_Exercise prompt_: Output every record again so that it matches the original word for word.

_Information provided_:
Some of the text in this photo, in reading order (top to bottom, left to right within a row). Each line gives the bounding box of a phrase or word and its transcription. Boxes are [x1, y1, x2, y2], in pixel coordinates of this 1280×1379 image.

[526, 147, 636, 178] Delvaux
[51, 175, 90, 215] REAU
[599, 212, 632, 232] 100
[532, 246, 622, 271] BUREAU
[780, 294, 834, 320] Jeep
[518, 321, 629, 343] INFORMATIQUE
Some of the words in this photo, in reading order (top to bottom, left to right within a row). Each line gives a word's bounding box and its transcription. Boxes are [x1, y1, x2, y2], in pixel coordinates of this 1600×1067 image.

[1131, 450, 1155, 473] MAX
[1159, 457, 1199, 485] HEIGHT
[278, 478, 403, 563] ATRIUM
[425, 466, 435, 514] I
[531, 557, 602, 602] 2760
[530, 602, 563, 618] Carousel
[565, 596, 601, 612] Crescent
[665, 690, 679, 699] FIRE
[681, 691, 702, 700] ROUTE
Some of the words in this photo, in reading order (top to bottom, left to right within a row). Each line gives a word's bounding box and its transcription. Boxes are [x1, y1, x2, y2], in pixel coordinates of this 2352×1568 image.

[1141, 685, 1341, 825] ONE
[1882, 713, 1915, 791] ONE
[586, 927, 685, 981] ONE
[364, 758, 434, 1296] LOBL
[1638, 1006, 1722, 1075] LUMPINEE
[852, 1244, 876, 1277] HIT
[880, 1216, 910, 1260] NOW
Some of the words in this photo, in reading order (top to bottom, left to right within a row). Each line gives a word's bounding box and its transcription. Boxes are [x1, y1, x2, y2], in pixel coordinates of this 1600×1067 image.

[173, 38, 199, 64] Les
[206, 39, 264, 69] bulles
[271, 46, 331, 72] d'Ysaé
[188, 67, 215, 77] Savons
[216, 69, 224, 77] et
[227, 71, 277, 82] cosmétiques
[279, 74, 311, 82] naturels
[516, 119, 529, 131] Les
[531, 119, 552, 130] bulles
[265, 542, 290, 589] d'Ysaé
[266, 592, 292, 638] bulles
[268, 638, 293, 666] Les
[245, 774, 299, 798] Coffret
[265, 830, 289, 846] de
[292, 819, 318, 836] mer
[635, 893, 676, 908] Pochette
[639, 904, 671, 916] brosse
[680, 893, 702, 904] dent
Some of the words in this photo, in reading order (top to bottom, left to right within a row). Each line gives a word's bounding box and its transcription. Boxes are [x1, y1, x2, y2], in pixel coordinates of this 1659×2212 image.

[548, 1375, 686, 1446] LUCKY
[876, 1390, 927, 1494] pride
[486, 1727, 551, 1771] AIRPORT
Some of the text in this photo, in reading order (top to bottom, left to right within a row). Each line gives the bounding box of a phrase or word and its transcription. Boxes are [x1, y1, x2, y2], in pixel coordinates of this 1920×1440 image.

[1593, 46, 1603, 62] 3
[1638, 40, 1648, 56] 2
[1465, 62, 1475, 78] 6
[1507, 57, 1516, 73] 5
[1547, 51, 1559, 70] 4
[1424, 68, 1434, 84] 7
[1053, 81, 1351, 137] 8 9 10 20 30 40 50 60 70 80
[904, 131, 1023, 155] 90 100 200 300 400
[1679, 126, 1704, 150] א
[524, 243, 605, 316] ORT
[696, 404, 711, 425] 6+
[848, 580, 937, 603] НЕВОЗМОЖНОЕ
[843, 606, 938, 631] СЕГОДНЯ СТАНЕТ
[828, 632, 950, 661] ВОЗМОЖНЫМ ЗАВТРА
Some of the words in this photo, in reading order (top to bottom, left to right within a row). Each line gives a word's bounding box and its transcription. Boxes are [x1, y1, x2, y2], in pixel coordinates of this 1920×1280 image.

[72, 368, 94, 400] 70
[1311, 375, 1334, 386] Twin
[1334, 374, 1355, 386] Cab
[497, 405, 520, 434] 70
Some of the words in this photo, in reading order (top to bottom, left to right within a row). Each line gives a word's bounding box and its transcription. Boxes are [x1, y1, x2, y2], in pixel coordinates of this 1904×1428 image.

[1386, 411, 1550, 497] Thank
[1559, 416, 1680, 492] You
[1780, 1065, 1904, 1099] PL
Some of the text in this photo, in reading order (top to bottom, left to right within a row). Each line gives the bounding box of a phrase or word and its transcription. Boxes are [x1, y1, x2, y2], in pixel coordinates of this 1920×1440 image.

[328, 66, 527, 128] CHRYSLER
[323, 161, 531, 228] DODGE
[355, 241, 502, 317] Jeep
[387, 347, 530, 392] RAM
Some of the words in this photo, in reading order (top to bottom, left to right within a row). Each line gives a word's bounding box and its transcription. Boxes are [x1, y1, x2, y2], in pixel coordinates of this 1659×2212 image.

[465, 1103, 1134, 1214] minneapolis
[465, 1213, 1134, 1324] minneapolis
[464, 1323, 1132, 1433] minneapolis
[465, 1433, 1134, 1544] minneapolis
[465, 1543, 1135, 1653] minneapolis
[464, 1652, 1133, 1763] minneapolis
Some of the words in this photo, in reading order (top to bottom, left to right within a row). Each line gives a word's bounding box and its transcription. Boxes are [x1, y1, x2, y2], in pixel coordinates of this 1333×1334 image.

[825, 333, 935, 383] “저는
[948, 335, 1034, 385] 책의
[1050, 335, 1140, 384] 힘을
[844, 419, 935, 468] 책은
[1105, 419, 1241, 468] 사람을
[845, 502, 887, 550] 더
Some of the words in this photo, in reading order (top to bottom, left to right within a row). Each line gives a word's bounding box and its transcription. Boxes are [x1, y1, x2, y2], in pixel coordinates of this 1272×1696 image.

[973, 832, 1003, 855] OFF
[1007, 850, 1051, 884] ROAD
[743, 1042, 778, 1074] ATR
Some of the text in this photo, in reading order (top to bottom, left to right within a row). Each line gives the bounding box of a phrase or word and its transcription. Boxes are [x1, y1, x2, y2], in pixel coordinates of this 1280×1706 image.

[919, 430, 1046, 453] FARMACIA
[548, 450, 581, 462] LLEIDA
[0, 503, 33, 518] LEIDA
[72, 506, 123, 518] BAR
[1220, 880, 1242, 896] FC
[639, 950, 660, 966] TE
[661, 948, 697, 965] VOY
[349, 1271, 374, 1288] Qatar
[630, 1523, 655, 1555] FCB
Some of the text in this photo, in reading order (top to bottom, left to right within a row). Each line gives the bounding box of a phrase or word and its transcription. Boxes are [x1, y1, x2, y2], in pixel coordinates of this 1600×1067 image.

_Exercise output_:
Some of the text in this photo, in reading order (top to bottom, left to right within a row). Each line gives the bounding box of a phrase or word and its transcription. Boxes are [x1, y1, x2, y2], in pixel coordinates of this 1280×1379 image.

[526, 147, 636, 178] Delvaux
[51, 175, 90, 215] REAU
[599, 212, 632, 232] 100
[532, 246, 622, 271] BUREAU
[780, 294, 834, 320] Jeep
[518, 321, 629, 343] INFORMATIQUE
Some of the words in this photo, in reading order (top to bottom, left to right within a row). Each line gives a word's bounding box and its transcription. Boxes are [x1, y1, x2, y2], in pixel coordinates of this 1600×1067 image.

[1131, 450, 1155, 473] MAX
[1159, 457, 1199, 485] HEIGHT
[278, 478, 403, 563] ATRIUM
[425, 466, 435, 514] I
[531, 557, 602, 602] 2760
[530, 602, 563, 618] Carousel
[565, 596, 601, 612] Crescent
[665, 690, 679, 699] FIRE
[681, 691, 702, 700] ROUTE
Some of the words in this photo, in reading order (top to bottom, left to right within a row). Each line gives a word's bounding box and its transcription. Boxes are [x1, y1, x2, y2], in pixel coordinates of this 2352×1568 image.

[1141, 685, 1341, 825] ONE
[1882, 713, 1915, 791] ONE
[586, 927, 685, 981] ONE
[364, 758, 434, 1296] LOBL
[1638, 1006, 1722, 1075] LUMPINEE
[852, 1244, 876, 1277] HIT
[880, 1216, 910, 1260] NOW
Some of the words in this photo, in reading order (top to bottom, left to right within a row). Each line gives a word's bounding box and its transcription. Boxes are [x1, y1, x2, y2], in pixel coordinates of this 1600×1067 image.

[173, 38, 199, 64] Les
[206, 39, 264, 69] bulles
[271, 46, 331, 72] d'Ysaé
[188, 67, 215, 77] Savons
[216, 69, 224, 77] et
[227, 71, 277, 82] cosmétiques
[279, 74, 311, 82] naturels
[516, 119, 529, 131] Les
[531, 119, 552, 130] bulles
[265, 542, 290, 589] d'Ysaé
[266, 592, 292, 638] bulles
[268, 638, 293, 666] Les
[245, 774, 299, 798] Coffret
[265, 830, 289, 846] de
[292, 819, 318, 836] mer
[635, 893, 676, 908] Pochette
[639, 904, 671, 916] brosse
[680, 893, 702, 904] dent
Some of the words in this photo, in reading order (top to bottom, left to right within a row). Each line gives a word's bounding box and its transcription. Boxes are [x1, y1, x2, y2], in pixel coordinates of this 1659×2212 image.

[548, 1375, 686, 1446] LUCKY
[876, 1390, 927, 1494] pride
[486, 1727, 551, 1771] AIRPORT
Some of the text in this photo, in reading order (top to bottom, left to right within a row). Each line gives the bounding box of a phrase or word and its transcription. Boxes are [x1, y1, x2, y2], in pixel coordinates of this 1920×1440 image.

[1593, 46, 1603, 62] 3
[1638, 40, 1648, 56] 2
[1465, 62, 1475, 78] 6
[1507, 57, 1516, 73] 5
[1547, 51, 1559, 70] 4
[1424, 68, 1434, 84] 7
[1053, 81, 1351, 137] 8 9 10 20 30 40 50 60 70 80
[904, 131, 1023, 155] 90 100 200 300 400
[1679, 126, 1704, 150] א
[524, 243, 605, 316] ORT
[696, 404, 711, 425] 6+
[848, 580, 937, 603] НЕВОЗМОЖНОЕ
[843, 606, 938, 631] СЕГОДНЯ СТАНЕТ
[828, 632, 950, 661] ВОЗМОЖНЫМ ЗАВТРА
Some of the words in this photo, in reading order (top to bottom, left to right within a row). Each line gives a word's bounding box and its transcription. Boxes are [x1, y1, x2, y2], in pixel coordinates of this 1920×1280 image.

[72, 368, 94, 400] 70
[1311, 375, 1334, 386] Twin
[1334, 374, 1355, 386] Cab
[497, 405, 520, 434] 70
Some of the words in this photo, in reading order (top to bottom, left to right within a row). Each line gives a word's bounding box and its transcription. Boxes are [x1, y1, x2, y2], in pixel coordinates of this 1904×1428 image.

[1386, 411, 1550, 497] Thank
[1559, 416, 1680, 492] You
[1780, 1065, 1904, 1099] PL
Some of the text in this photo, in reading order (top to bottom, left to right within a row). Each line gives the bounding box of a phrase or word and its transcription. Boxes are [x1, y1, x2, y2], in pixel coordinates of this 1920×1440 image.

[328, 66, 527, 128] CHRYSLER
[323, 161, 531, 228] DODGE
[355, 241, 502, 317] Jeep
[387, 347, 530, 392] RAM
Some of the words in this photo, in reading order (top to bottom, left to right within a row). Each line gives a word's bounding box and its transcription. Boxes are [x1, y1, x2, y2], in pixel coordinates of this 1659×2212 image.

[465, 1103, 1134, 1214] minneapolis
[465, 1213, 1134, 1324] minneapolis
[464, 1323, 1132, 1433] minneapolis
[465, 1433, 1134, 1544] minneapolis
[465, 1543, 1135, 1653] minneapolis
[464, 1652, 1133, 1763] minneapolis
Some of the words in this photo, in reading order (top to bottom, left to right within a row). Each line gives a word's bounding box and its transcription. Boxes are [x1, y1, x2, y2], in pixel coordinates of this 1333×1334 image.

[825, 333, 935, 383] “저는
[948, 335, 1034, 385] 책의
[1050, 335, 1140, 384] 힘을
[844, 419, 935, 468] 책은
[1105, 419, 1241, 468] 사람을
[845, 502, 887, 550] 더
Some of the words in this photo, in reading order (top to bottom, left to right within a row). Each line gives a word's bounding box and its transcription. Boxes are [x1, y1, x2, y2], in pixel coordinates of this 1272×1696 image.

[973, 832, 1003, 855] OFF
[1007, 850, 1051, 884] ROAD
[743, 1042, 778, 1074] ATR
Some of the text in this photo, in reading order (top to bottom, left to right within a row). Each line gives the bounding box of a phrase or word and its transcription. Boxes are [x1, y1, x2, y2], in pixel coordinates of this 1280×1706 image.

[919, 430, 1046, 453] FARMACIA
[548, 450, 581, 462] LLEIDA
[0, 503, 33, 518] LEIDA
[72, 506, 123, 518] BAR
[1220, 880, 1242, 896] FC
[639, 950, 660, 966] TE
[661, 948, 697, 965] VOY
[349, 1271, 374, 1288] Qatar
[630, 1523, 655, 1555] FCB
Some of the text in this photo, in reading order (top to bottom, left to right within a row). Each line gives the bounding box of a phrase or word and its transcription. Boxes are [x1, y1, x2, y2], in pixel coordinates of this 1600×1067 image.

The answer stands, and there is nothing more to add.